Confesso que este livro já andava na estante há uma série de anos, mas tal como acontece com dezena deles, ainda não havia tido oportunidade de o ler, e foi com agradável gosto que o li e que descobri as peculiaridades deste cante do Alentejo.
Trata-se de um cante ao desafio que tem expressão nos concelhos de Odemira, Ourique e Castro Verde, sendo cantado por serrenhos (serra) e campaniços (da planície).
Até aos anos 40/50 do séc. XX, o cante ao baldão conheceu um grande florescimento nestes concelhos, diminuindo de atividade entre 1960 e 1980, devido a factores relacionados com a alterações no contexto sócio-económico desta região, denominadamente o abandono da agricultura e a emigração das suas gentes.
Este foi um cante marginalizado pela política cultural do Estado Novo, que viu no cante alentejano a vozes, um mote para a folclorização da região, criando estereótipos e imagens identitárias que camuflavam todos os outros modos de cantar.
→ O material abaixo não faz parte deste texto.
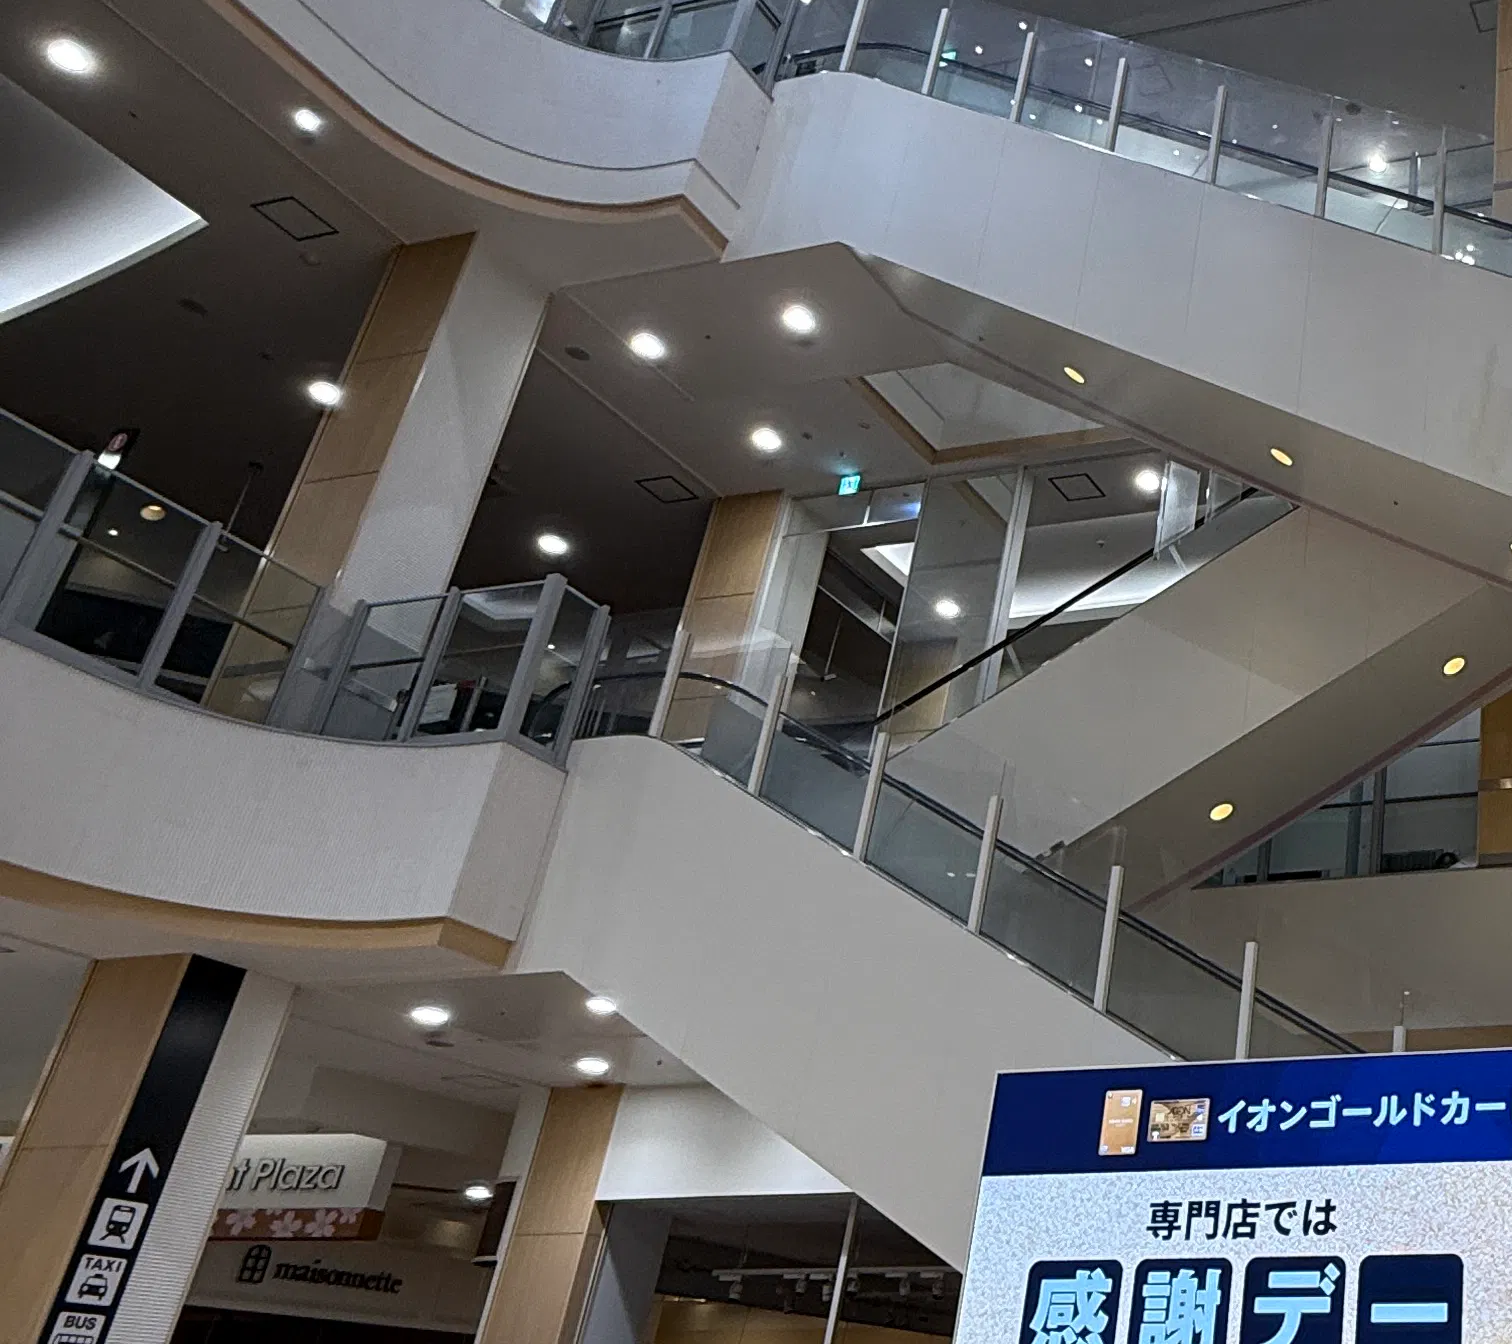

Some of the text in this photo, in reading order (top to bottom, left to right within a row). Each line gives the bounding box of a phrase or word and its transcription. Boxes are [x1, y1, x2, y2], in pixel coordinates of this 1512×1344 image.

[250, 1157, 346, 1192] Plaza
[1145, 1198, 1338, 1242] 専門店では
[83, 1255, 122, 1274] TAXI
[273, 1259, 404, 1295] maisonnette
[62, 1315, 97, 1332] BUS
Neste sentido, como o afirma Maria José Barriga, «o cante alentejano passou a ser o emblema da identidade alentejana no contexto musical» da província do Alentejo, colocando à margem outras práticas musicais como o cante ao baldão « o cante a despique, o cante das gralhas, décimas silvadas, o cante do ladrão do Sado, das modas campaniças, dos balhos acompanhados à harmónica, ao harmónio, ao banjo ou à viola campaniça, as rezas à chuva, a encomendação das almas, ou práticas instrumentais como a do solo da viola campaniça, do banjo ou do tambolrileiro». (palavras de Maria José Barriga)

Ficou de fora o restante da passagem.